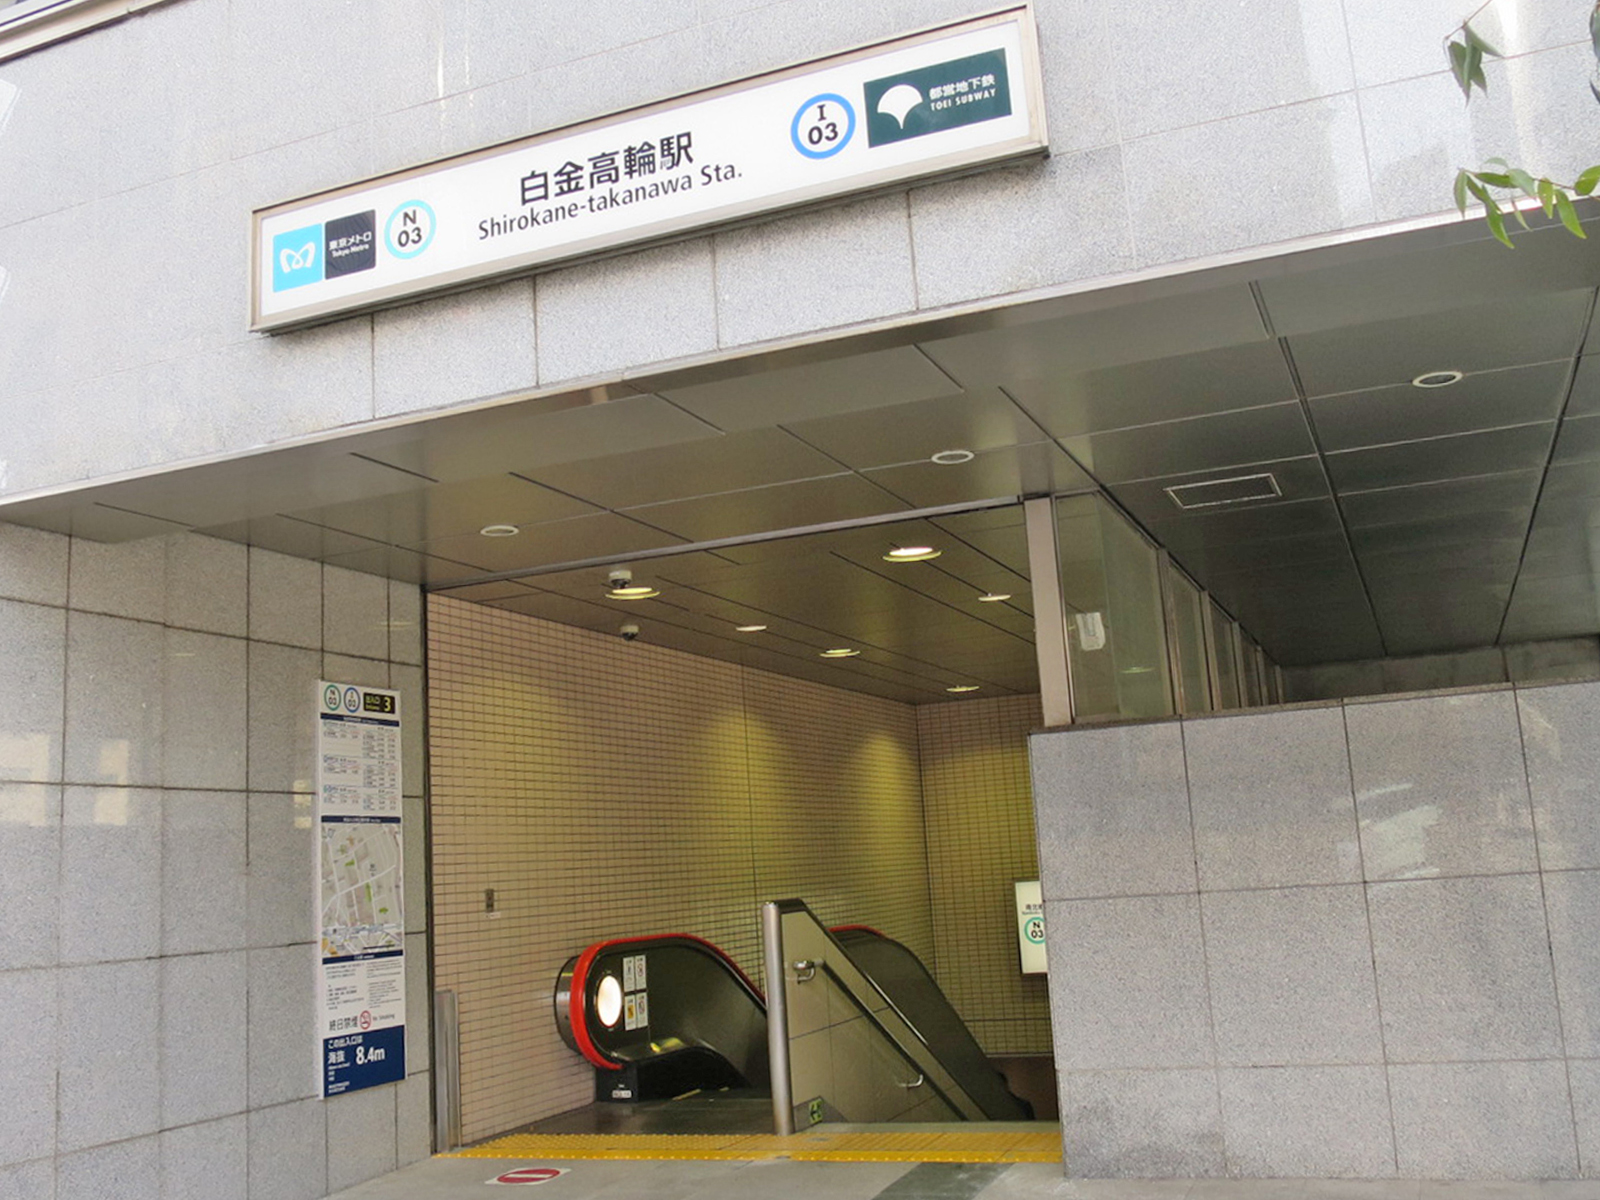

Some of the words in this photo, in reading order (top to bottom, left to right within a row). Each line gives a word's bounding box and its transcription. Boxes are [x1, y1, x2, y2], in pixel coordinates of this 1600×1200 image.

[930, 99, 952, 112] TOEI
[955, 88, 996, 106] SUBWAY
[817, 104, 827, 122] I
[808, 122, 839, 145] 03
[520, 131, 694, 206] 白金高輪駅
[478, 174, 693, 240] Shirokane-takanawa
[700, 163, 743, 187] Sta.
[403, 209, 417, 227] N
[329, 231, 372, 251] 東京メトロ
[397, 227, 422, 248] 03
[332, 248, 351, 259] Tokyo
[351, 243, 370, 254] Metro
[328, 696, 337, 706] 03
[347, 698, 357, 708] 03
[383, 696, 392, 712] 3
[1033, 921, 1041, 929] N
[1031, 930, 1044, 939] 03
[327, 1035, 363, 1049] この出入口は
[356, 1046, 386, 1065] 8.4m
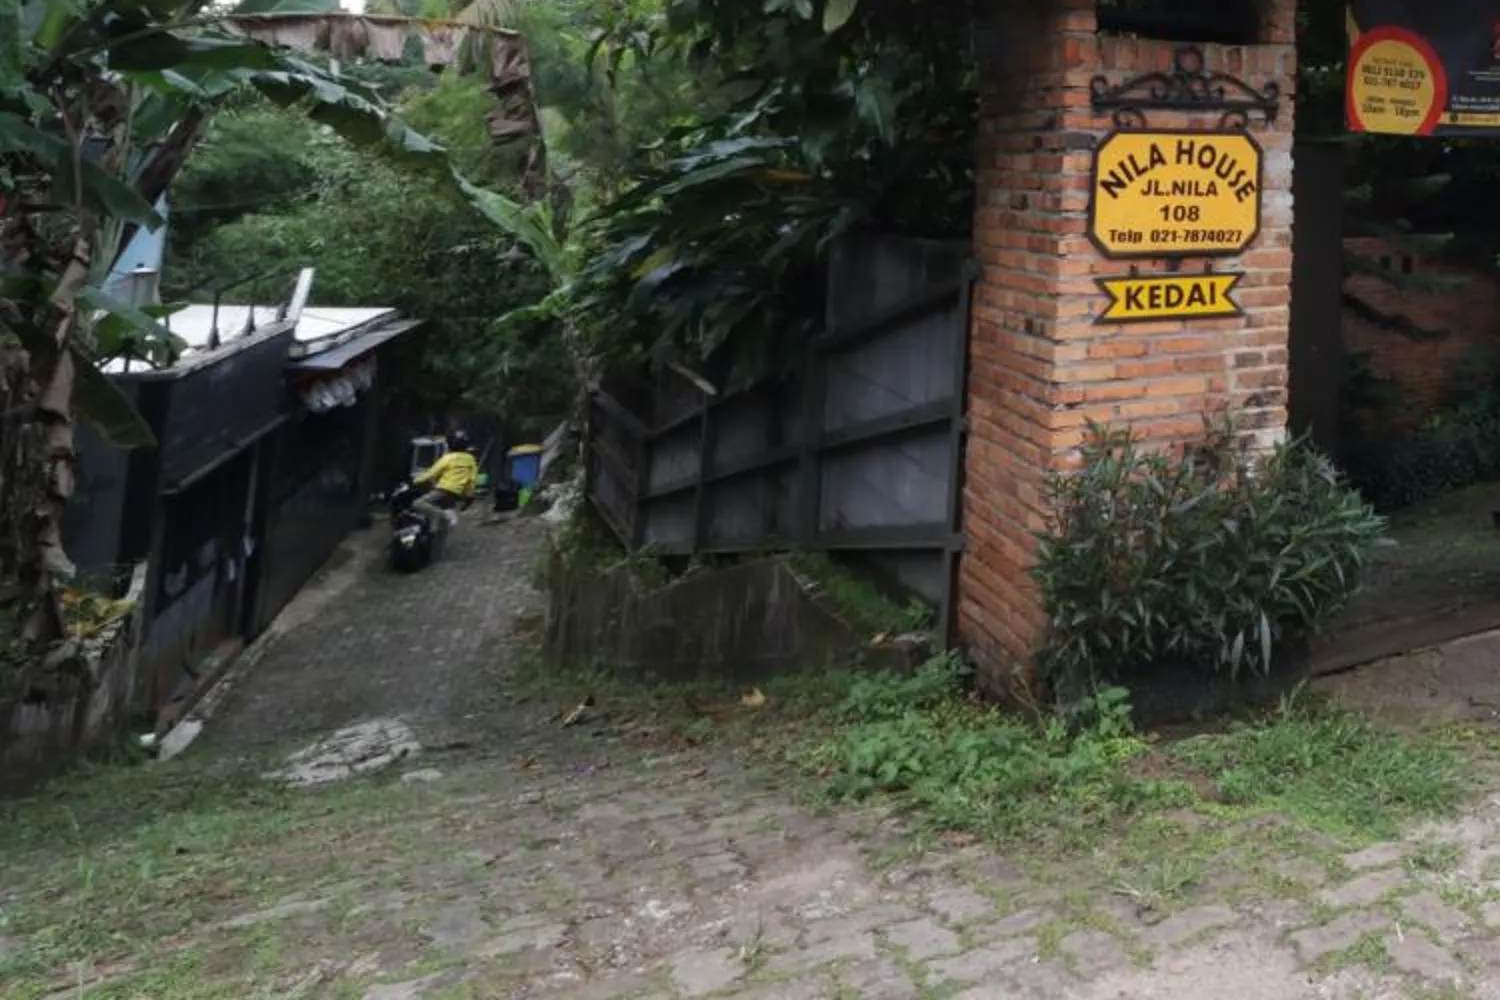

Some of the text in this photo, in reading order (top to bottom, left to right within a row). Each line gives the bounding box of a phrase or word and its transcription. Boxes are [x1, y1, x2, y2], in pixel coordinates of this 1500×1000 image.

= = = = =

What to produce:
Your task is to repeat the entries above exactly, omitting the pictures.

Answer:
Some of the words in this photo, in reading order (top to bottom, left to right within a row). Each line gives a word's bounding box and its transcription. Boxes are [x1, y1, x2, y2], in pixel coordinates of this 1600×1200 image.

[930, 99, 952, 112] TOEI
[955, 88, 996, 106] SUBWAY
[817, 104, 827, 122] I
[808, 122, 839, 145] 03
[520, 131, 694, 206] 白金高輪駅
[478, 174, 693, 240] Shirokane-takanawa
[700, 163, 743, 187] Sta.
[403, 209, 417, 227] N
[329, 231, 372, 251] 東京メトロ
[397, 227, 422, 248] 03
[332, 248, 351, 259] Tokyo
[351, 243, 370, 254] Metro
[328, 696, 337, 706] 03
[347, 698, 357, 708] 03
[383, 696, 392, 712] 3
[1033, 921, 1041, 929] N
[1031, 930, 1044, 939] 03
[327, 1035, 363, 1049] この出入口は
[356, 1046, 386, 1065] 8.4m

Some of the text in this photo, in reading order (top to bottom, left to right within a row). Each line gives the bounding box of a phrase or word and its transcription. Boxes are [x1, y1, x2, y2], in pixel coordinates of this 1500×1000 image.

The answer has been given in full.